Plan4Health Success Story: Disasters Toolkit for Texas Rural Communities

Plan4Health connects communities across the country, funding work at the intersection of planning and public health. Anchored by American Planning Association (APA) chapters and American Public Health Association (APHA) affiliates, Plan4Health supports creative partnerships to build sustainable, cross-sector coalitions.


The Texas Planners4Health Team used the experience of a rural Texas community with devastating tornadoes to develop a toolkit addressing disaster planning and recovery for small communites from a planning and public health perspective.

The team hopes this project sheds light on the need for an emergency preparedness and recovery plan so that small and rural communities can better prepare for disasters in their own areas.

On April 29, 2017, seven tornadoes ripped through Van Zandt County in Northeast Texas, causing hundreds of thousands of dollars in property damage, and four fatalities. Two of the seven tornadoes were found to have caused the most damage and were rated an EF-3 and EF-4. The areas that were affected the most were immediately to the east and the west of Canton, Texas.

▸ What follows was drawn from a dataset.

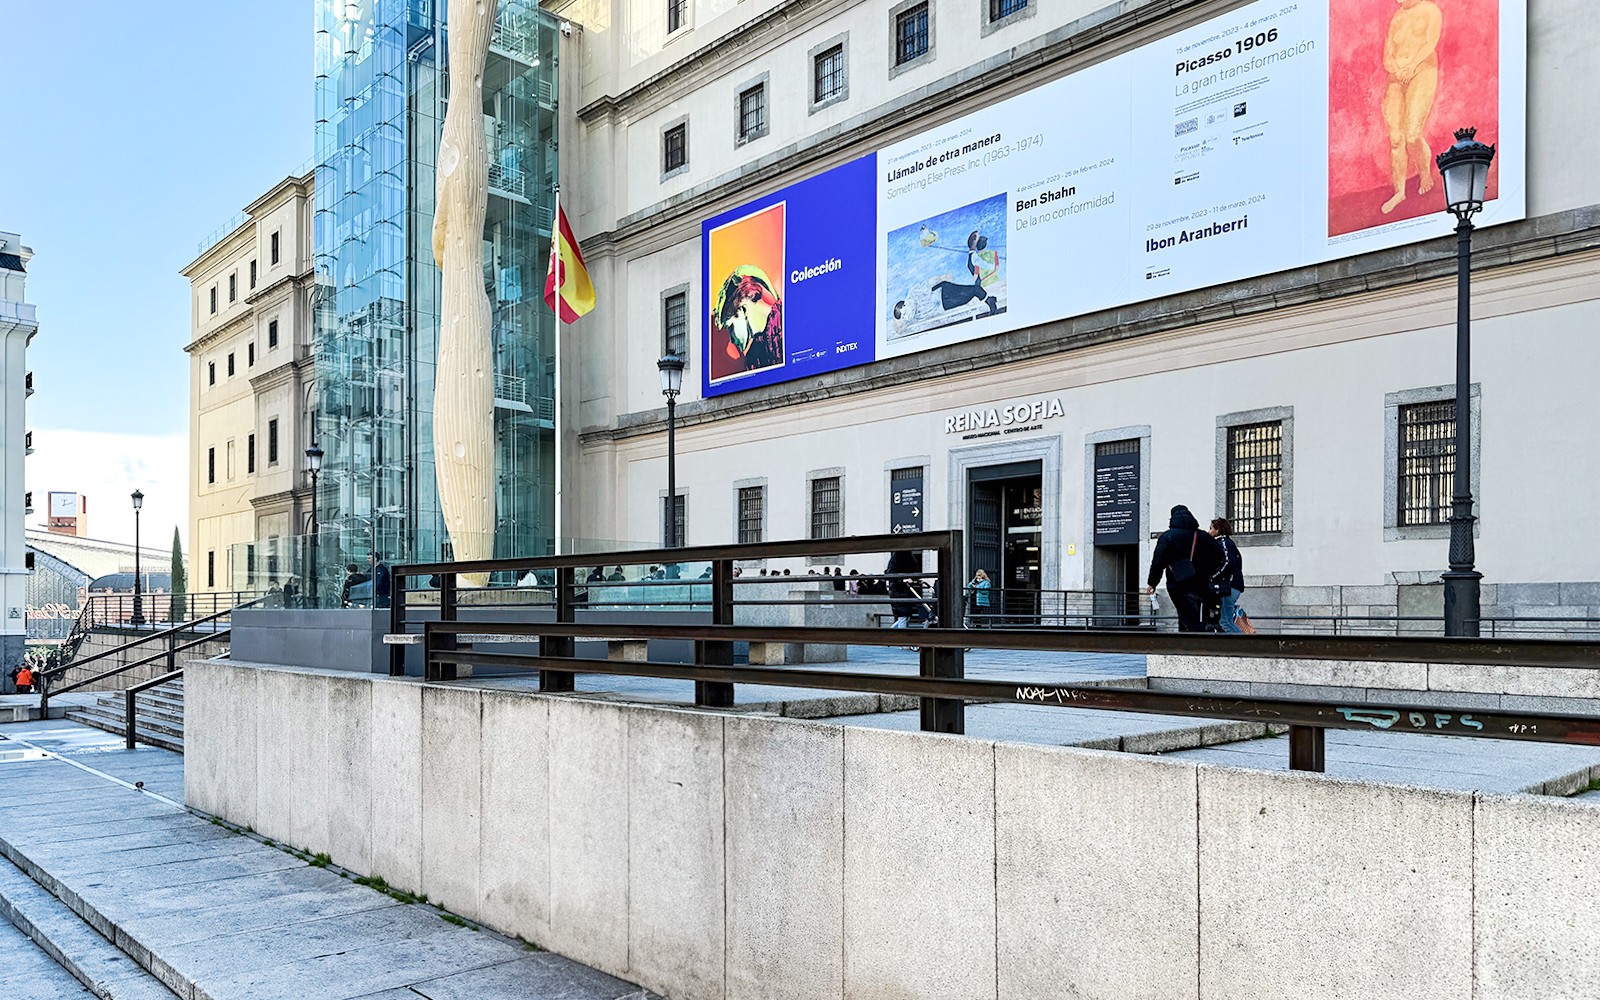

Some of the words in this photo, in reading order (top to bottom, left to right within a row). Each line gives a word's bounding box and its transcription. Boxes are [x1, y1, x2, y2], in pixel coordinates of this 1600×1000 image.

In response, the Texas Chapter of the American Planning Association and the University of North Texas School of Public Health assembled a Planners4Health team to focus on disaster recovery, in Van Zandt County, from a social determinants of health perspective.

According to the team, one of the lessons learned after the Canton tornadoes was how critical it is to have an already-established Long Term Recovery Group in a community. The toolkit, Emergency Preparedness and Recovery: A Toolkit for Rural Communities, is organized around the areas of responsibility and oversight of such a group.

The Planners4Health team is also working to raise donations for the residents affected by the tornados in Van Zandt County.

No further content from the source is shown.